─── DATA FOR PROCESSING
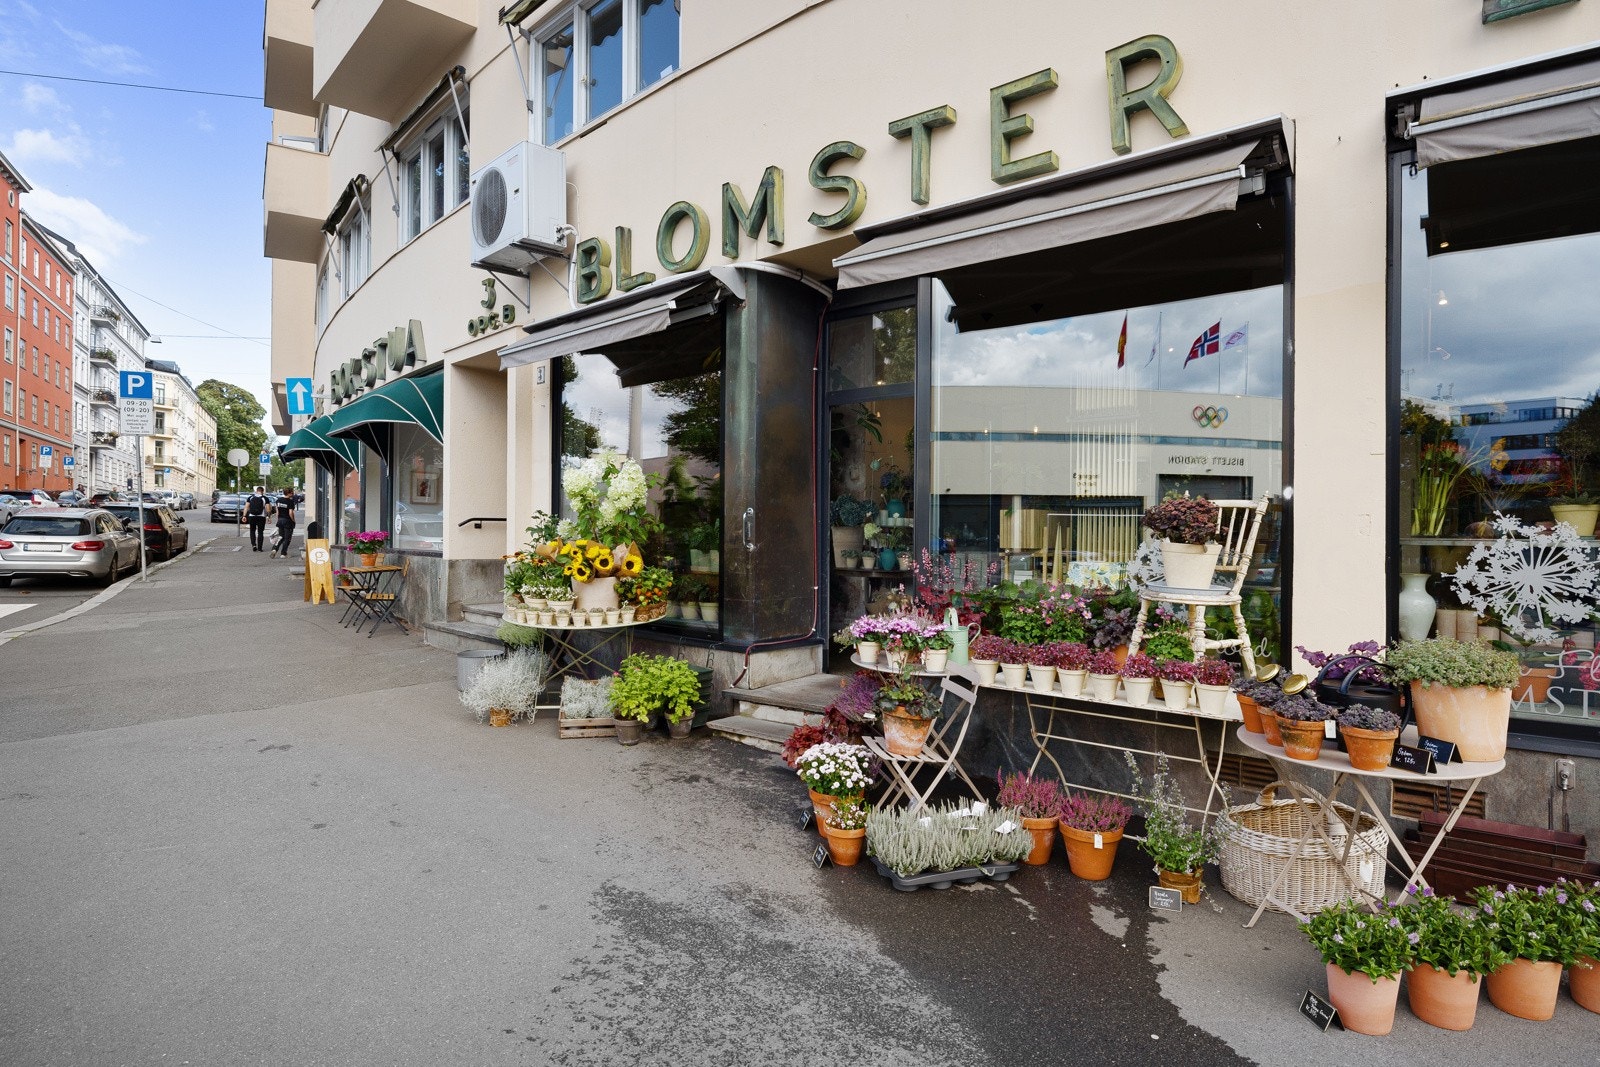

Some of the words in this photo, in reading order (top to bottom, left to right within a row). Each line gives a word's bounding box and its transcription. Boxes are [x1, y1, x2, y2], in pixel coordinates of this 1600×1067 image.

[576, 34, 1191, 304] BLOMSTER
[480, 277, 497, 310] 3
[330, 319, 427, 405] BOKSTUA
[127, 374, 145, 395] P
[42, 446, 50, 455] P
[65, 457, 72, 465] P
──────
▶ EXERCISE DETAILS: Return the preceding entries exactly, each word as given, but leave out any picture.

▶ WRITTEN ANSWER:
Some of the words in this photo, in reading order (top to bottom, left to right within a row). Each line gives a word's bounding box and its transcription. Boxes are [x1, y1, x2, y2], in pixel coordinates of this 1600×1067 image.

[576, 34, 1191, 304] BLOMSTER
[480, 277, 497, 310] 3
[330, 319, 427, 405] BOKSTUA
[127, 374, 145, 395] P
[42, 446, 50, 455] P
[65, 457, 72, 465] P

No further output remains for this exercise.